Je suis informaticien de formation. L’agriculture pour moi est une passion  et un héritage reçu de mes parents. Mon père est ingénieur agronome et ma mère technicienne supérieure d’agriculture. J’ai répondu tout simplement à l’appel de l’agriculture en créant jeunes agriculteurs patriotes qui est à ses débuts. Comme je le dis souvent, créer une entreprise agricole est moins difficile que tous les autres.

A 13 ans, j’étais l’homme de main de mon père. A 15 ans, je pouvais déjà gérer un champ.

Cédric Yonta, 23, technicien supérieur d’agriculture

J’ai été passionné de l’agriculture à cause de mon papa depuis mon jeune âge.  Il me disait toujours : « je suis riche à cause de la terre ». J’ai commencé à aimer l’agriculture. Dès que j’ai eu mon baccalauréat, j’ai tenté le concours de la FaSA et je ne l’ai pas eu. Je me suis inscrit à l’université de Dschang pour faire chimie. Je n’étais pas vraiment intéressé car, au fond de moi, je ne voulais faire qu’agriculture. J’ai eu le concours d’une école d’agriculture de Bafoussam (Ouest Cameroun) et j’ai obtenu mon diplôme de technicien supérieur d’agriculture.

Journaliste : J’aime l’agriculture depuis mon bas âge. J’ai grandi dans une famille qui faisait de l’agriculture de subsistance. Mais, je ne suis pas encore propriétaire.

Evolution ou activités actuelles…

Cédric Yonta : actuellement, je suis responsable d’une pépinière Terrespoir à Penja. Nous faisons dans la multiplication végétale : greffage, marcottage, de poivriers, cacao, agrumes…) et producteur de poivre blanc.

Kevin Obam Ekono :  

Dans mon enfance, j’ai cultivé macabo, piments, foléré, plantain… Apès mon bac j'ai commencé ma petite aventure solo. 
En 2013, j’ai fait mon premier champs de piment de 10 000 pieds. 
Hélas je n'ai pas eu le temps de voir ma récolte car la rentrée académique avait commencé.
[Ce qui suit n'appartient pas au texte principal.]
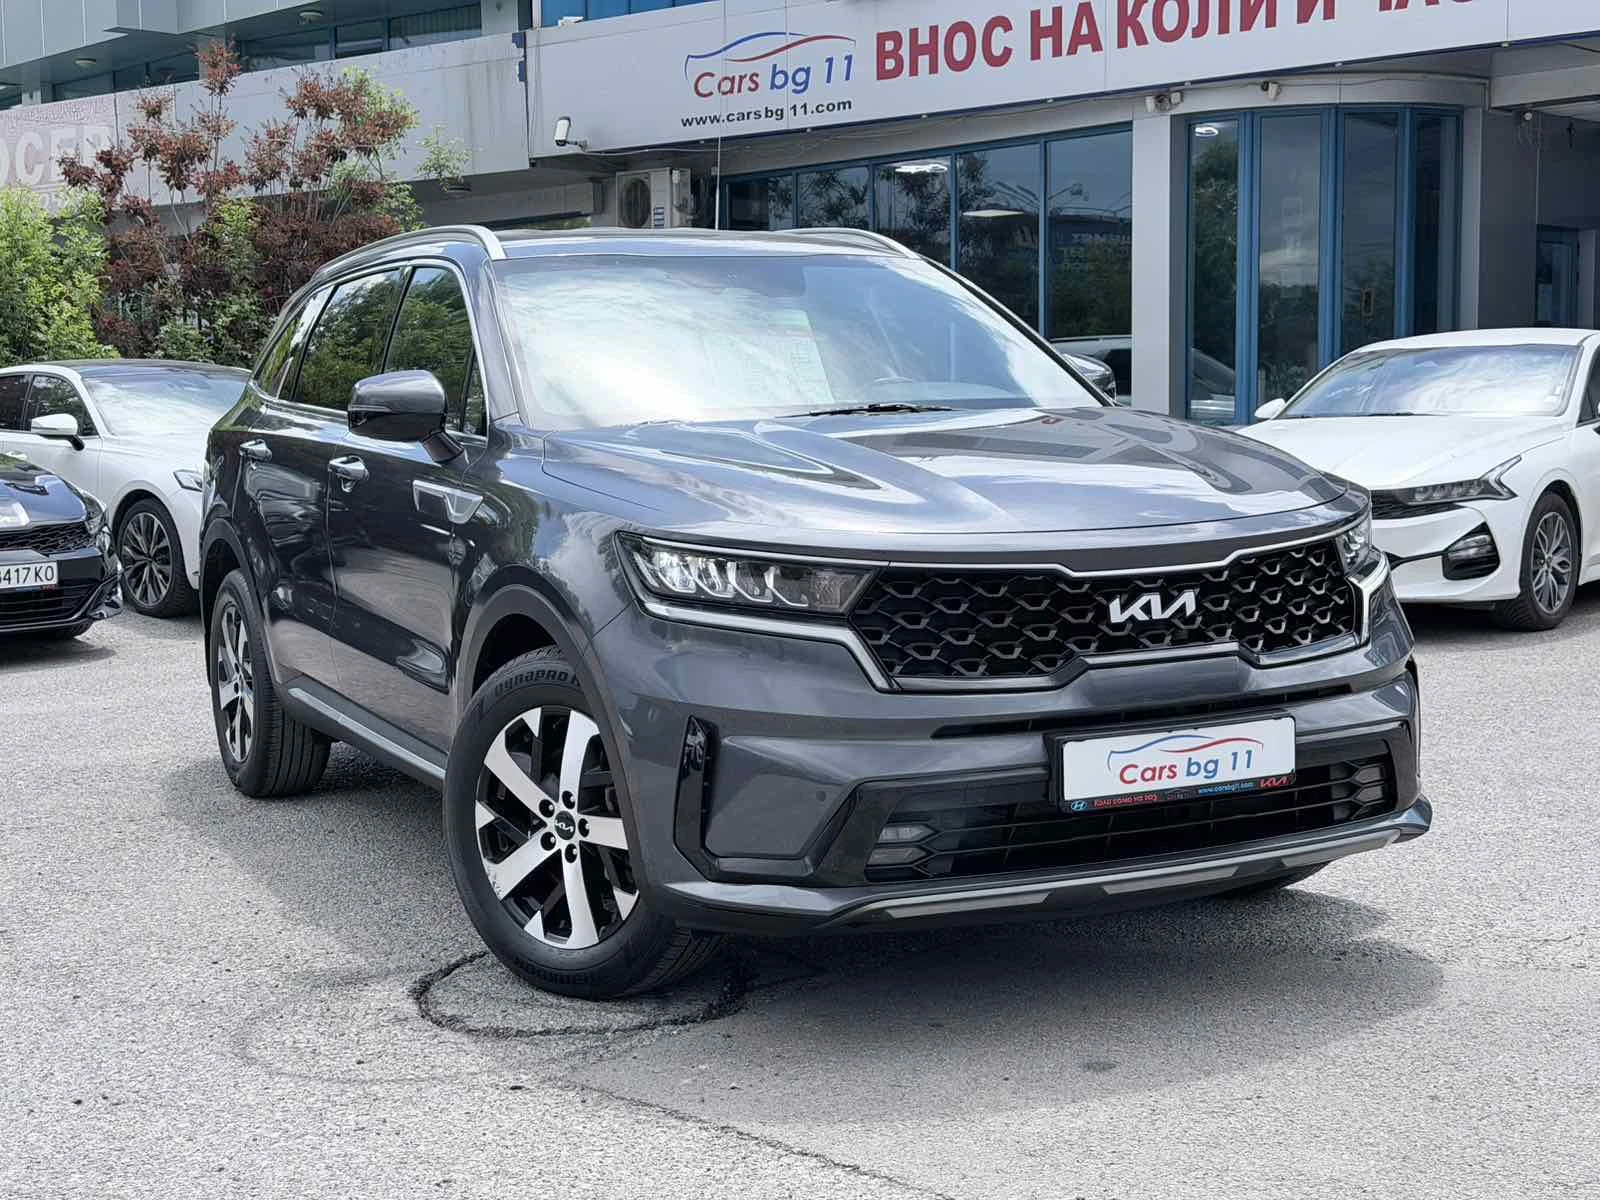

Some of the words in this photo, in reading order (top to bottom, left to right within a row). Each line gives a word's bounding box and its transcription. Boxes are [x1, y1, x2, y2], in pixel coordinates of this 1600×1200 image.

[876, 16, 1013, 81] ВНОС
[1030, 1, 1103, 61] НА
[1117, 0, 1277, 49] КОЛИ
[693, 71, 760, 98] Cars
[770, 63, 811, 95] bg
[824, 54, 853, 84] 11
[1109, 590, 1195, 623] KIA
[1119, 763, 1177, 785] Cars
[1186, 757, 1219, 779] bg
[1231, 749, 1253, 771] 11
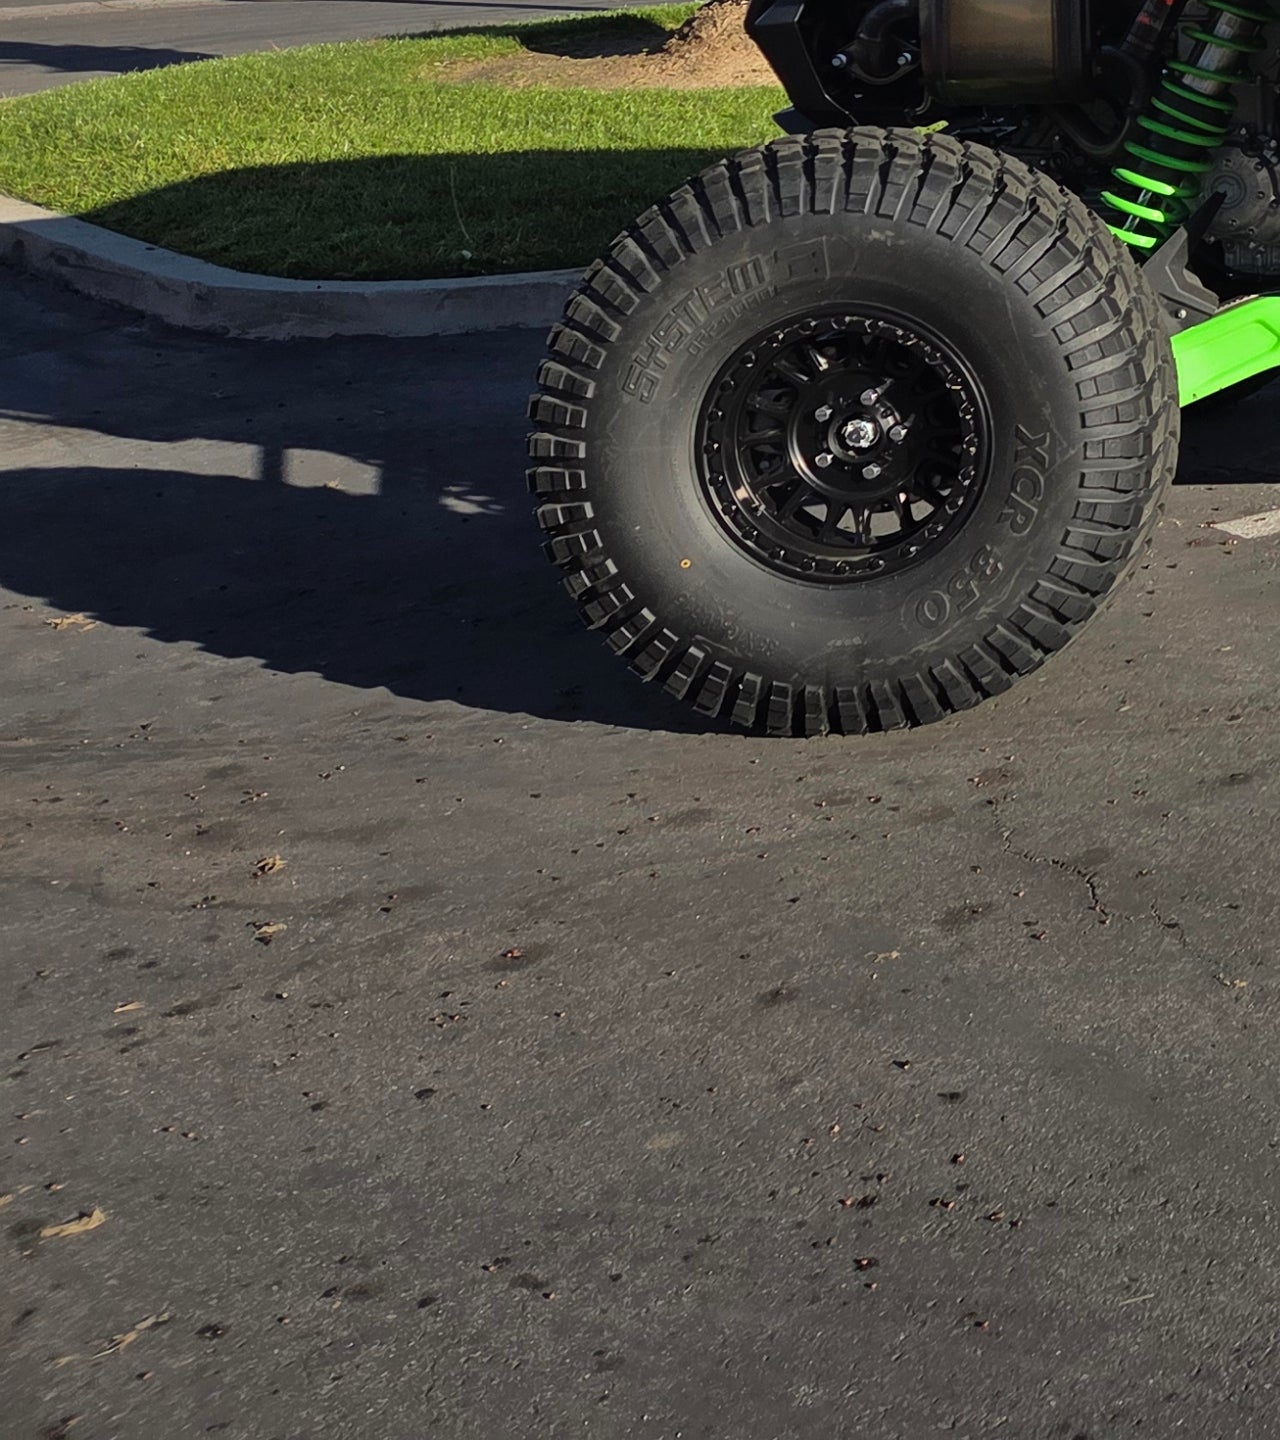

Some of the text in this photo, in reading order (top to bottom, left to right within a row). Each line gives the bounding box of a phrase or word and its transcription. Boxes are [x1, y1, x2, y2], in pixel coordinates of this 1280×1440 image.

[621, 255, 769, 404] SYSTEM
[914, 423, 1051, 630] XCR 350
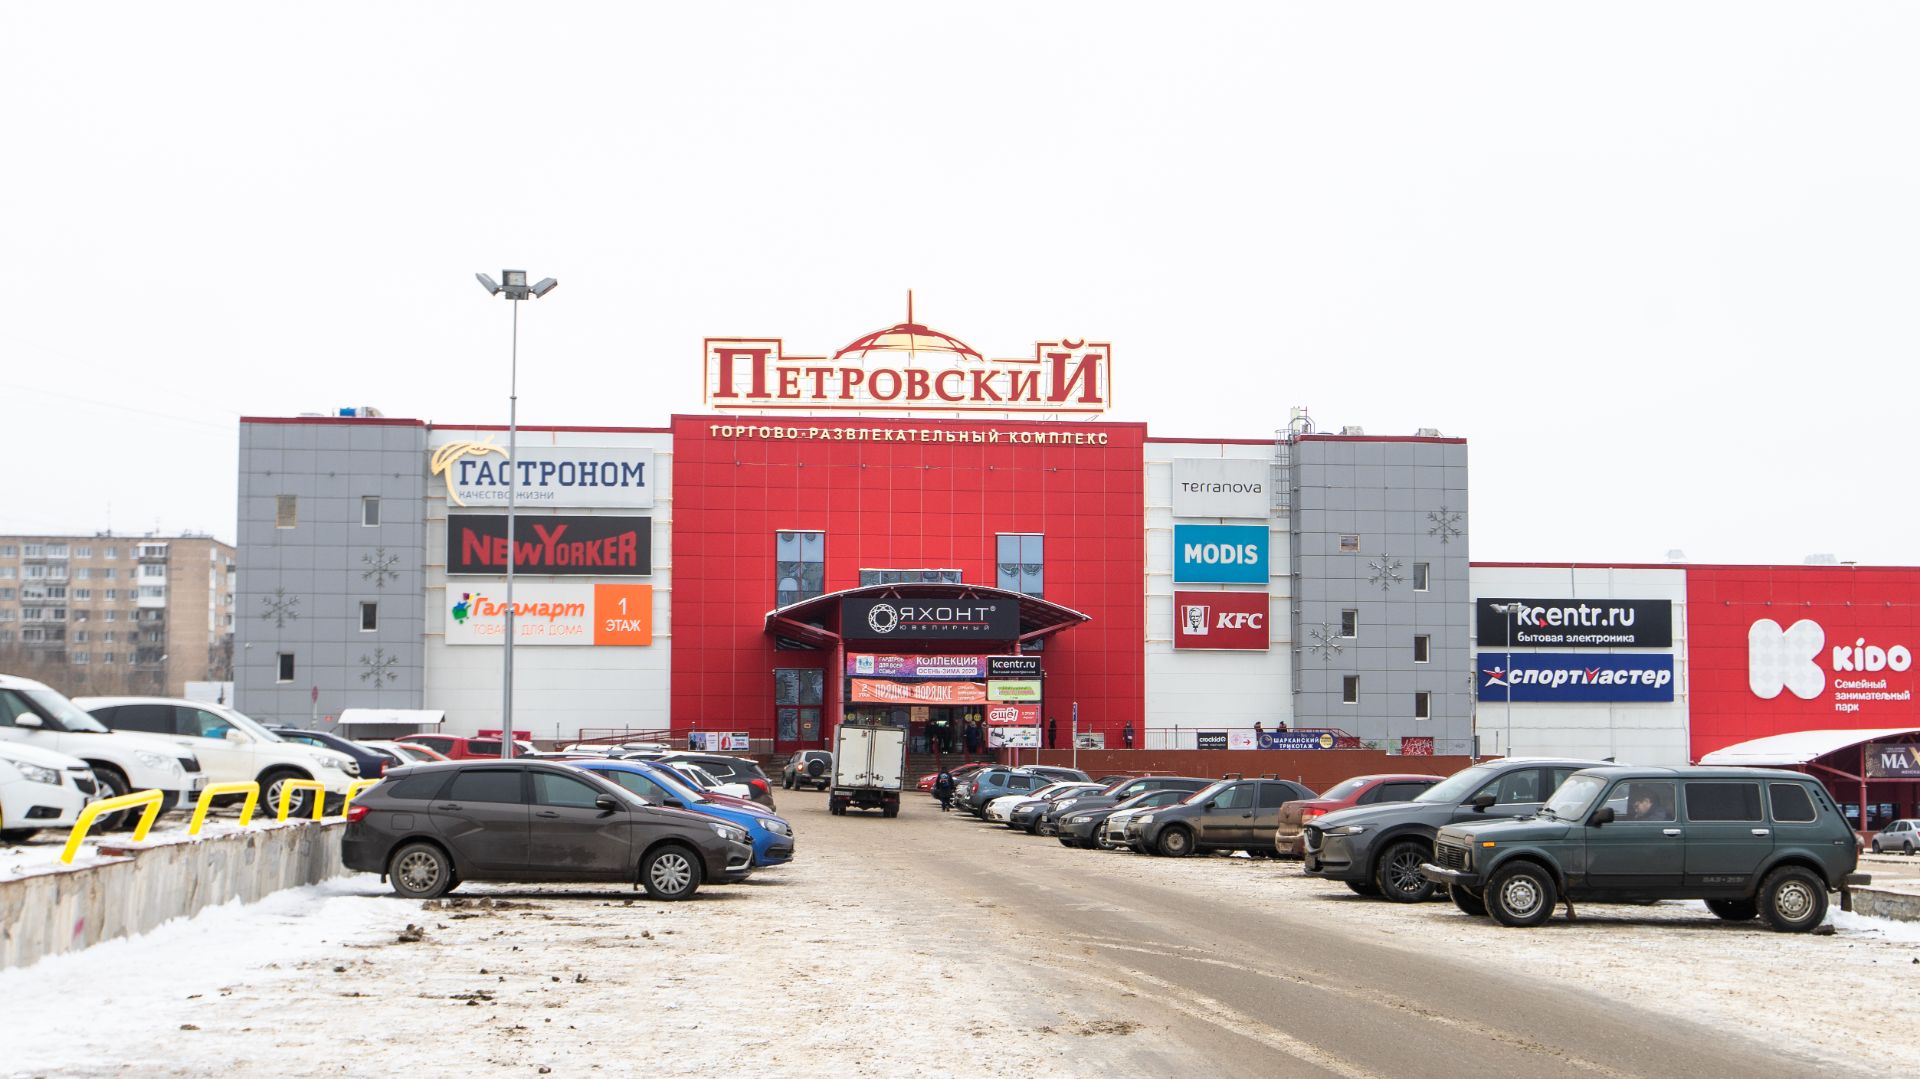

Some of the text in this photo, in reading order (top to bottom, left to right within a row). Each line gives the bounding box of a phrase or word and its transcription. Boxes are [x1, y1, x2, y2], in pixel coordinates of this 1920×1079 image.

[1010, 431, 1108, 445] КОМПЛЕКС
[459, 461, 646, 487] ГАСТРОНОМ
[516, 491, 555, 500] ЖИЗНИ
[1184, 543, 1258, 565] MODIS
[617, 597, 627, 615] 1
[1216, 612, 1263, 630] KFC
[1517, 603, 1635, 627] kcentr.ru
[521, 624, 545, 636] ДЛЯ
[549, 624, 583, 636] ДОМА
[605, 619, 641, 632] ЭТАЖ
[1517, 632, 1635, 645] бытовая электроника
[916, 656, 978, 667] КОЛЛЕКЦИЯ
[992, 659, 1036, 669] kcentr.ru
[1834, 677, 1887, 689] Семейный
[915, 685, 952, 701] ПОРЯДКЕ
[1834, 690, 1910, 700] занимательный
[1835, 703, 1860, 714] парк
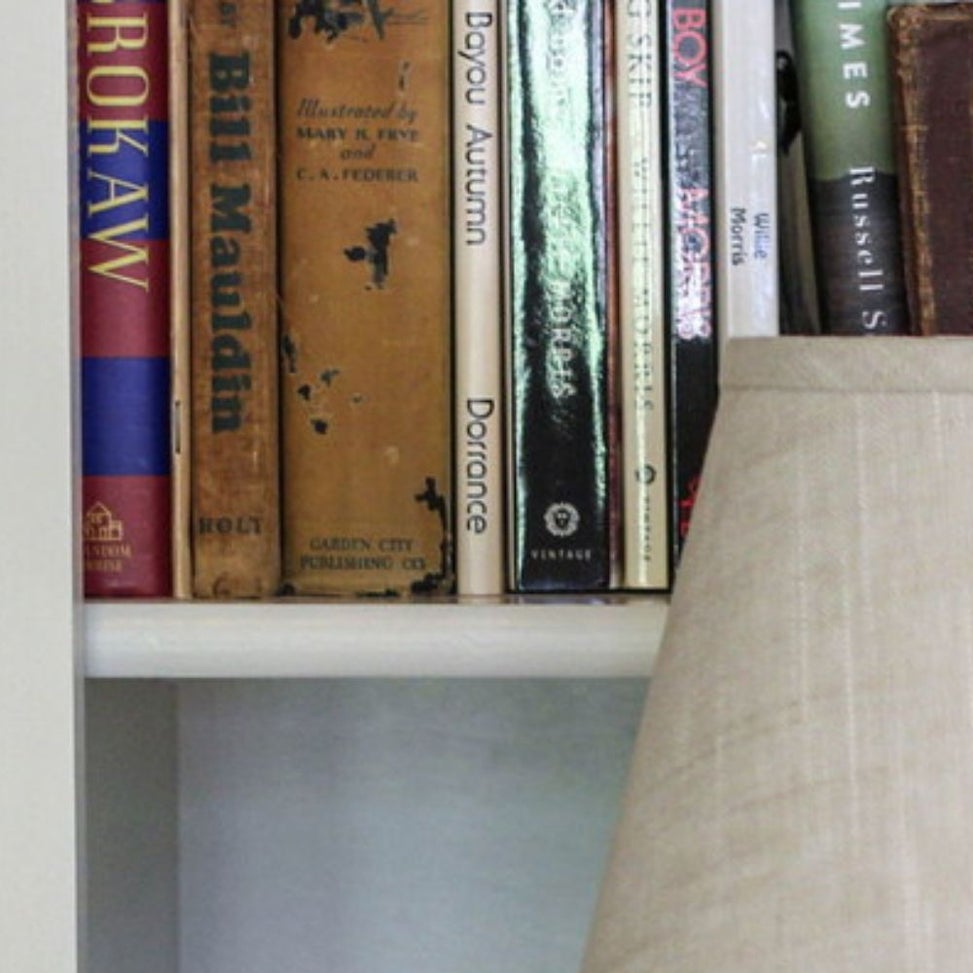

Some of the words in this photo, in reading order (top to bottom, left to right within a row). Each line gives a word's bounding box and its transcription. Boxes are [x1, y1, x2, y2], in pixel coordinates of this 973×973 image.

Je suis du sud et j étudie à Douala. 
 En 2015 j'ai commencé à monter mon entreprise jeunes agriculteurs patriotes. 
Je voyageais pour visiter les activités agricoles dans beaucoup de zones de l’Ouest et du grand Sud. 

Conseils

Kevin : je suis informaticien et agripreneur. L’informatique m’a appris à viser la perfection et la rigueur. L’agriculture m’a appris la patience. J’aime cette sensation qu’on ressent en voyant sa production.  C’est top.

Avant de commencer un projet agricole, ne vous découragez pas à la base à cause de vos maigres fonds. Commencez avec ce que vous avez et restez toujours optimistes. Gardez la foi et allez toujours vers les ainés pour avoir plus de conseils.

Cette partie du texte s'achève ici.